Leadership is an innate quality of some, but has to be trained and cultivated. A leader can develop through trial and error at the expense of his followers, or he can be trained by those who have experience and allow the innate qualities to surface at an accelerated pace.

However, observation shows there are two kinds of leaders, those who want to be legends and those who want to leave a legacy.

The Legend leads with the iron fist of his or her qualities. Often the legend is brutal in execution of goals. The legend wants no challenges from subordinates since he has no peers. A legend can be extremely successful. Henry Ford was known for his invention and his temper. He single handedly destroyed a car on the line with a sledge hammer because it was not what he wanted; although the public was crying for it.

The legend does not prepare for the future since no one would be good enough, and somehow the legend thinks he will go on forever. His goal is to make everyone miss him when he is gone and the company, church, or family will just have to suffer his absence. It is the cowboy riding off into the sunset with Happy Trails playing in the background.

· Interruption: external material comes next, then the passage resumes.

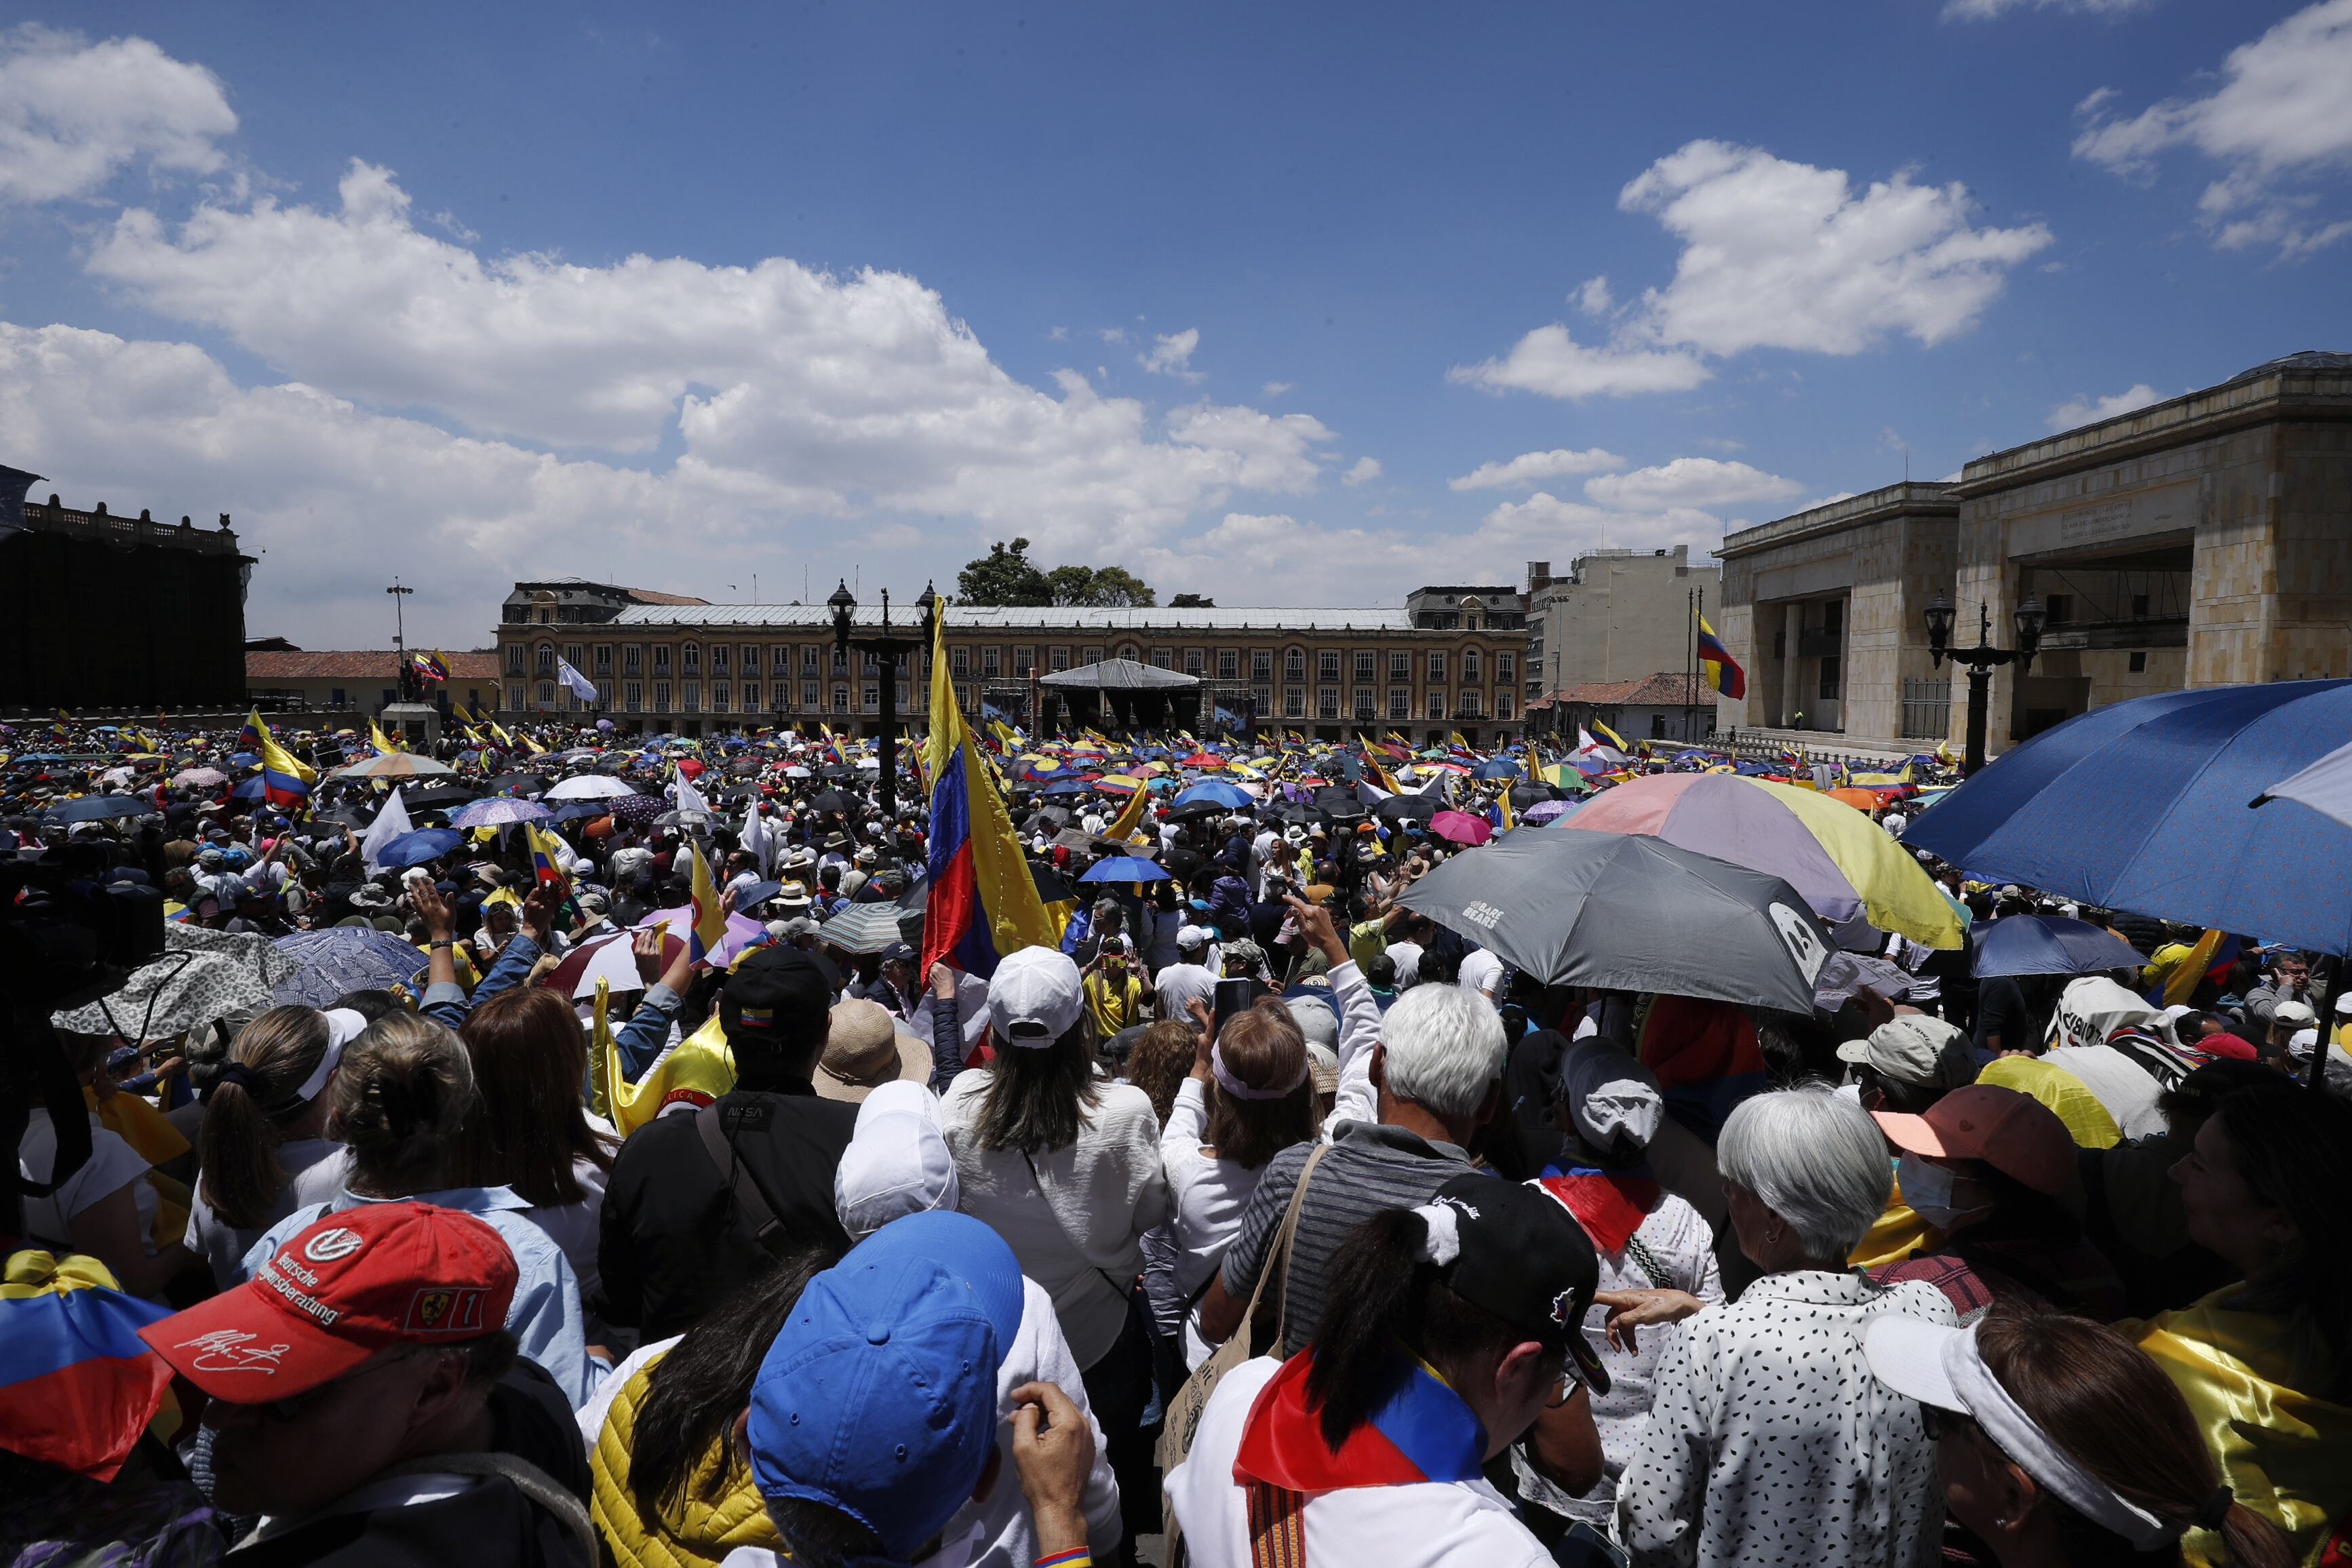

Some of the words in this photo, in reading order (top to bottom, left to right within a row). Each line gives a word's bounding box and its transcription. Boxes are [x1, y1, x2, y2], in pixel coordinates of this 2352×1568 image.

Leaving a legacy is a different story. The one who chooses to leave a legacy is intimately concerned with the future of the company, the church, the family. Leaving a legacy takes diligence, forethought, and planning. We all have a limited time on this earth. What can we do to make sure that the work we have done adds to the long term goal of the Kingdom? 

Leaving a legacy requires identifying next generation potential. The potential is in people, not things. Who are the potential leaders? Who has been called of God? Who has those latent qualities to lead people? Whose character lends itself to integrity?

Legacy requires training those with the potential and giving them opportunity to lead in some subordinate role. However, the goal is to provide seamless leadership transitions for the sake of the company, church, or family.

The legacy maker is interested in people as well as the product or bottom line on a spreadsheet. While we want success as leaders, there is no success in doing well, dying, and having no one prepared to lead on.

Many of the churches I have observed are legend builders. There is no succession plan in place. Some of these churches will be one generation wonders. Some have already diminished or folded or are repositories of older folks with no young people around.

The Bible expressly tells leaders to train, entrust, and leave a legacy. Jesus’ ministry was not only teaching, preaching, and ministry of wonders, but it was full of next generation preparation. It was frustrating at times, evoking disappointment in them that they were not catching on, but continuing forward he moved.

You see, if there is no preparation for the next generation, they lose hope. Their gifts press them as did ours. My gifts still press me. Retirement is not the option for me since the gifts would continue to press me. I cannot imagine walking away and saying I am done with the kind of fire still burning within. But I also know how it is as a young person with a fire burning within. Legends drive all that talent away from themselves because of insecurity, or refusing to make room for the younger talent, or just the fear of competition that someone might have a better idea and ruin their legend status. Many churches have lost the cream of the crop to other works because of the legend mentality.

God wants us to leave legacies of good leaders. To be remembered as a good leader is great, but to be remembered as a leader who invested and trained is better.